The inferior ending of the incision is placed in front of the tragus (5 mm approx.). The superior ending is at the level of the midline. Then these two points must be connected with a arcuate line.
Skin incision should be performed in two steps: First incision from the midline to the superior temporal line, full thickness; Second incision from the superior temporal line to the zygomatic arch, just skin and subcutaneous in order to spare the temporalis fascia.
Temporal muscle dissection
Temporal muscle dissection can be achieved in two ways: one layer or two layer.
One layer dissection is faster and allow to virtually eliminate the risk of damaging the frontal branch of the facial nerve.
Two layer technique allows to gain more space toward the skull base and the lateral orbit. This technique is necessary when a fronto-orbito-zygomatic craniotomy is planned.
Before dissecting it is fundamental to understand the anatomy of the frontal branch of the facial nerve and its course.
One layer technique
The muscle is incised with a scalpel or a monopolar cut along the insertion on the superiore temporal line.
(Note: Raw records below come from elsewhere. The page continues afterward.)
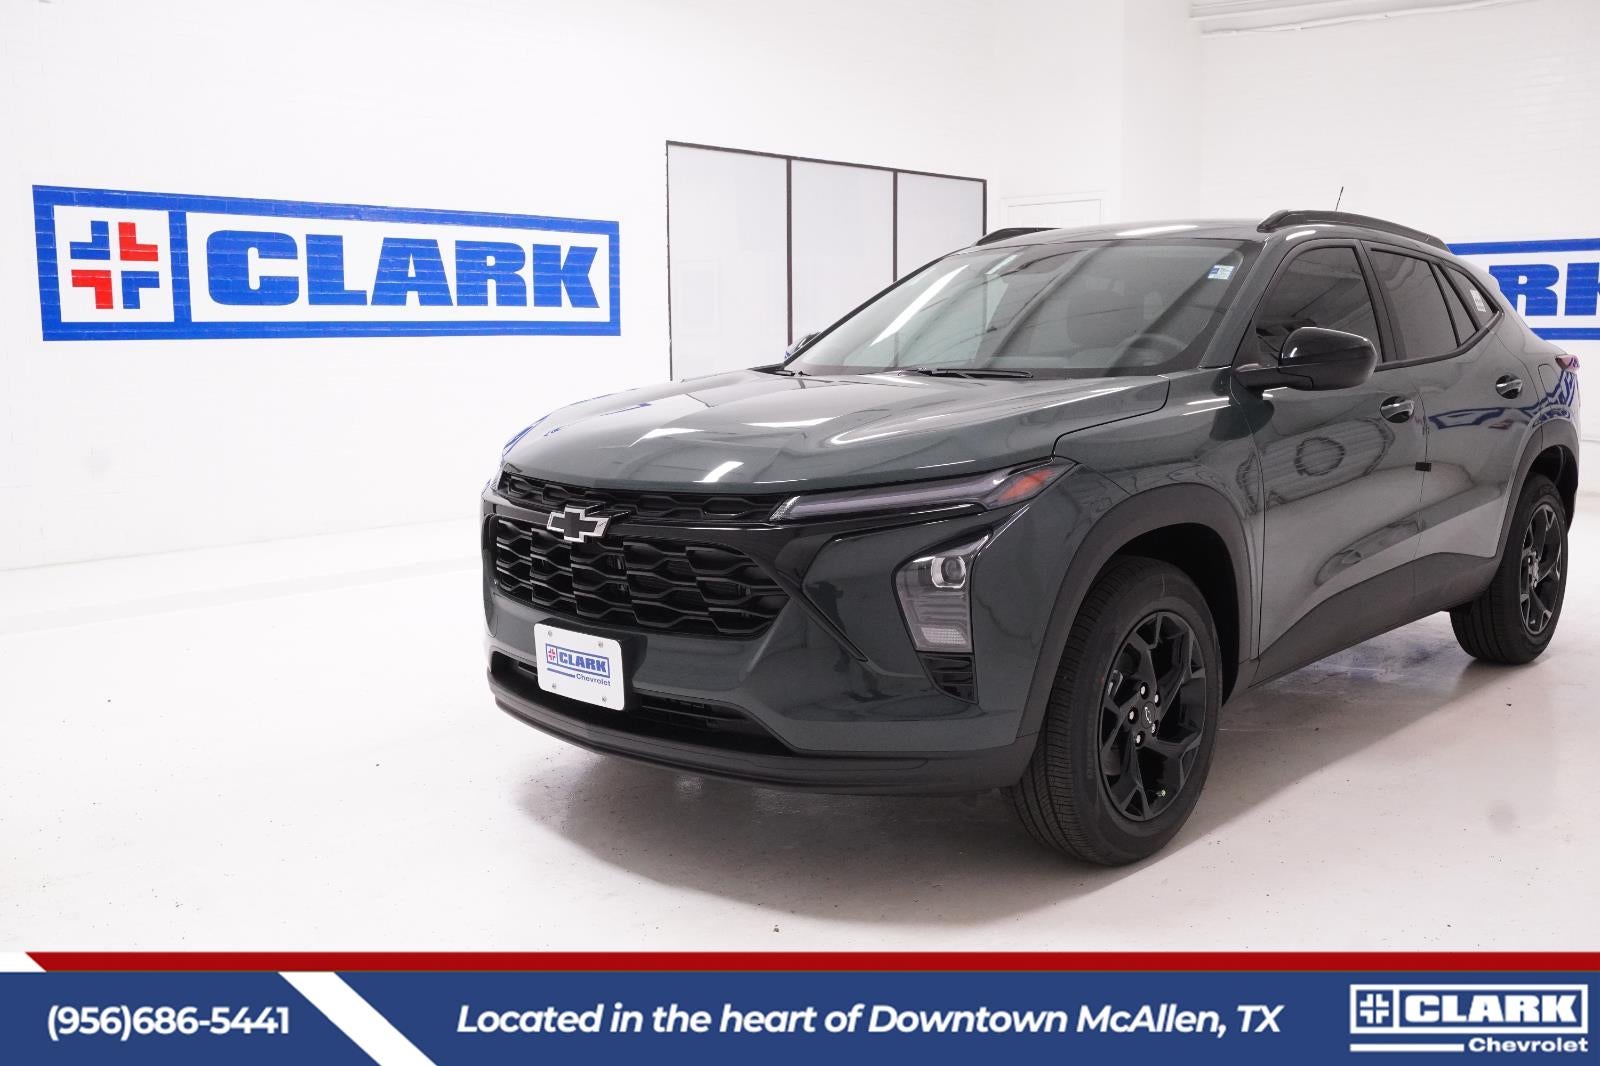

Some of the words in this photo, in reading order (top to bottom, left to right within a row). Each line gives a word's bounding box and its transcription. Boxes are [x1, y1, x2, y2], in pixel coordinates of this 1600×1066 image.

[206, 229, 600, 308] CLARK
[559, 651, 607, 673] CLARK
[576, 673, 611, 687] Chevrolet
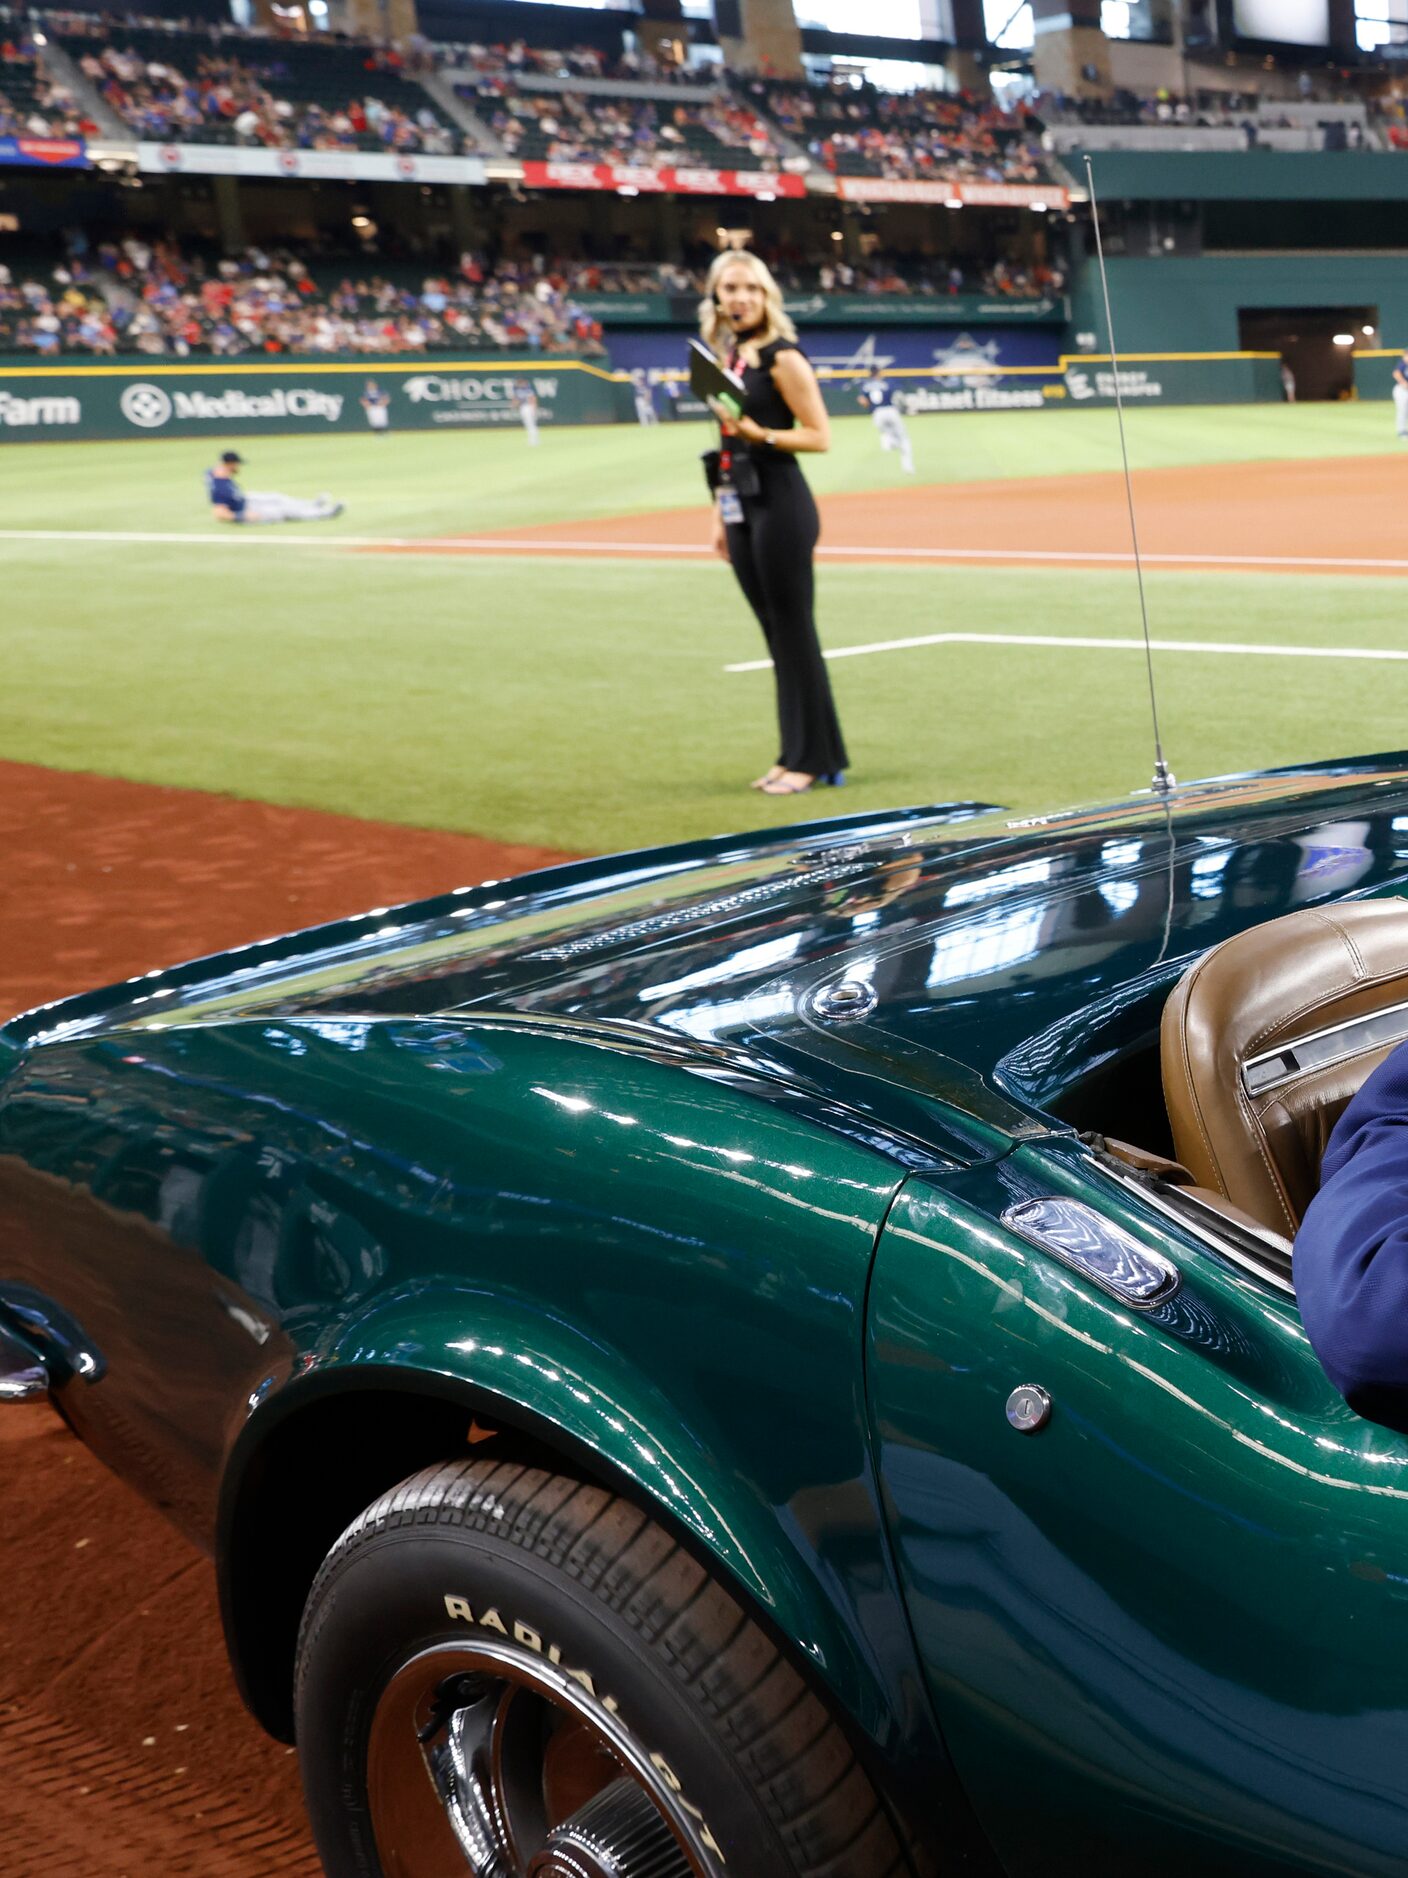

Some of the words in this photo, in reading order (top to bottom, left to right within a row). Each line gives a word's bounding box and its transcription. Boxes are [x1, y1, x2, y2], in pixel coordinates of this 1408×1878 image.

[420, 375, 558, 402] CHOCTW
[173, 389, 287, 418] Medical
[286, 388, 343, 422] City
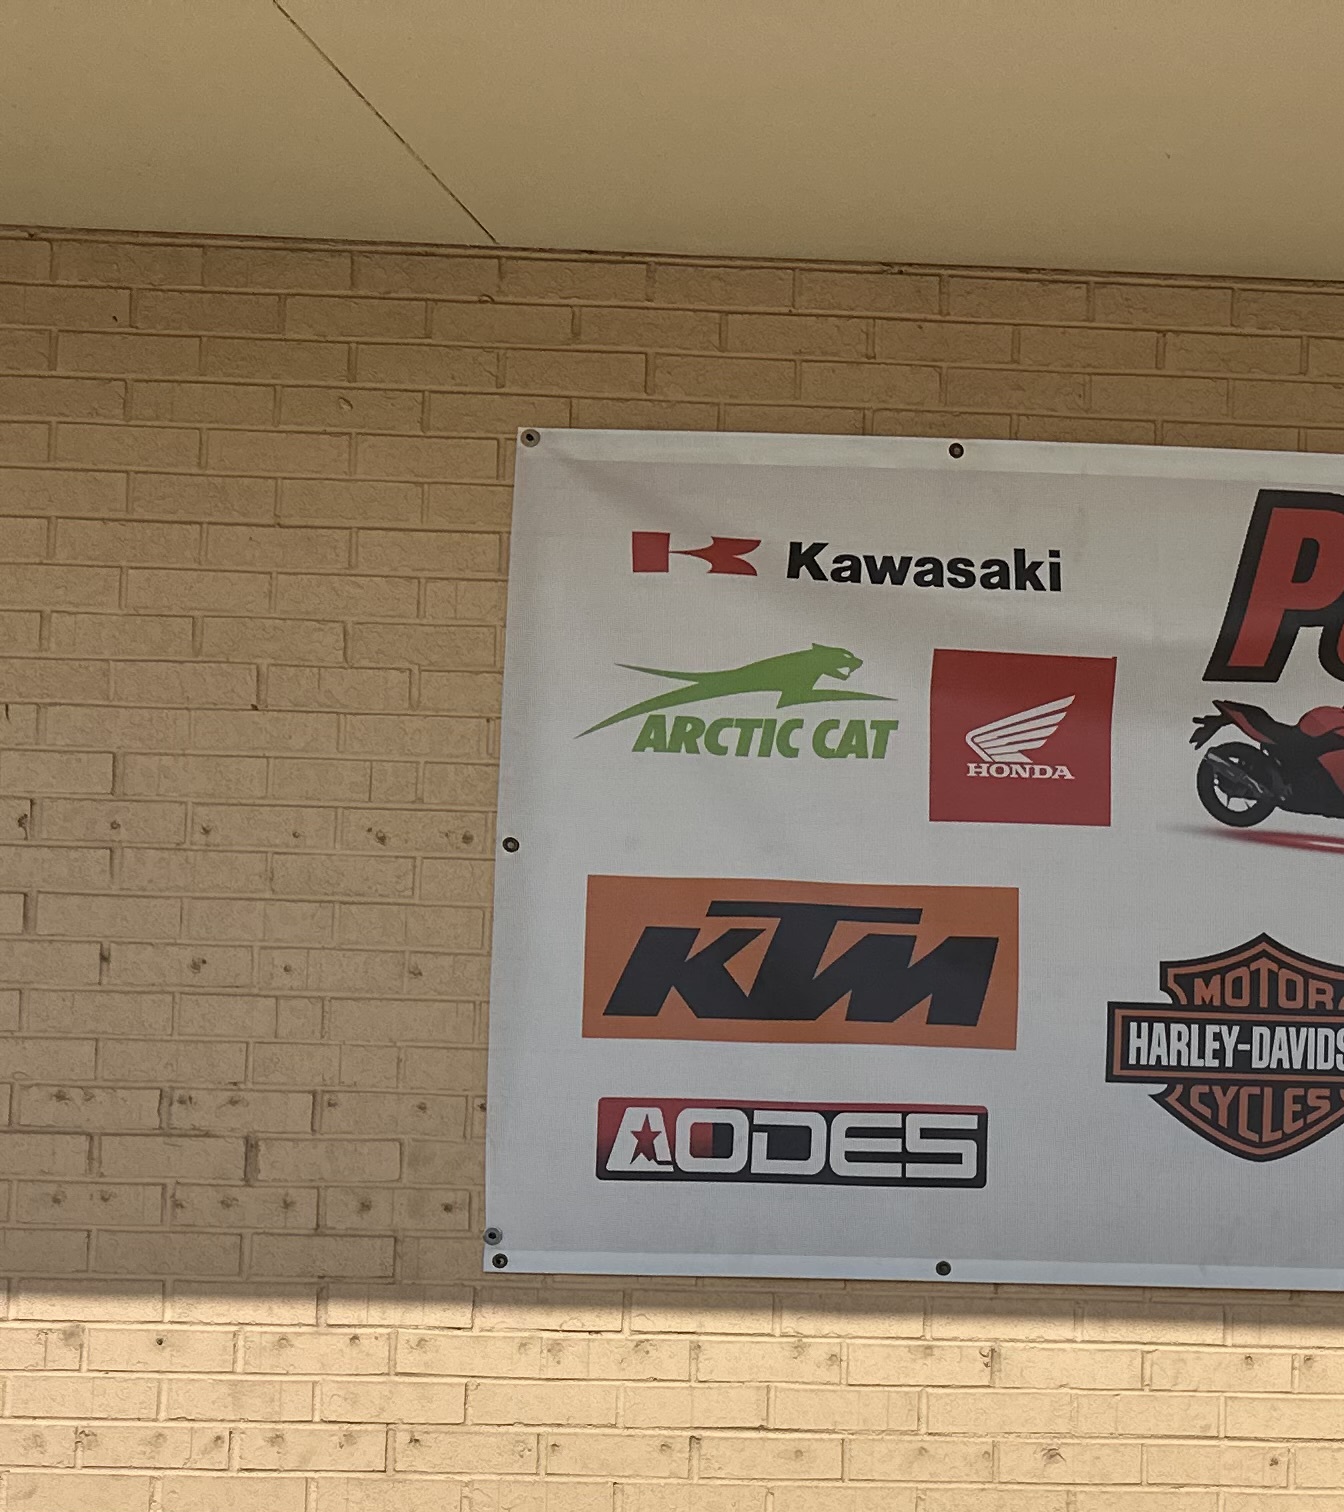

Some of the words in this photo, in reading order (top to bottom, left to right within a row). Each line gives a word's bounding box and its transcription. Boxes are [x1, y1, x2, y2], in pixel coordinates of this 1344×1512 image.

Here a little cuff of muscle should be left to facilitate the attaching of the muscle during closure.
Another incision of the muscle is performed vertical and posteriorly to the latter. Then the muscle is detached from the skull with a monopolar cut or elevators.
Two layers technique
Because of the position of the frontal branch, dissecting through the fat pad means cutting the nerve.
Conversely, a dissection layer must be reached beneath the fat pad. At this level the muscle fibers will be evident and the detachment of the muscle from the bone can start in an anterior to posterior direction.
At this stage an incision on the attachment of the muscle to the superior temporal line must be made with a knife or monopolar cut in order to finish the detachment and push the muscle posteriorly and inferiorly with hooks.
Craniotomy
Normally 3 blur holes are recommended in the classic pterional craniotomy.
The first trepanation must be set between the superior temporal line and the frontozygomatic suture of the external orbital process.
The second trepanation is performed on the most posterior extension of the superior temporal line.
The third one should be made on the inferior portion of the squamous part of the temporal bone.
After removing the bone flap, a fundamental step is to drill flat the anterior cranial base, the the orbital roof and the lesser wing of the sphenoid bone. The accuracy of the drilling allow a perfect access to the skull base and basal cistern strongly reducing brain retraction.
In order to reduce the number of the burr holes, a single burr hole can be made onto the pterion. In this way it is possible to give access to the frontal and temporal bone.
Dural Opening
Dura should be incised in a C-like shape and reflected toward the cranial base. Then, stitches are placed to suspend it.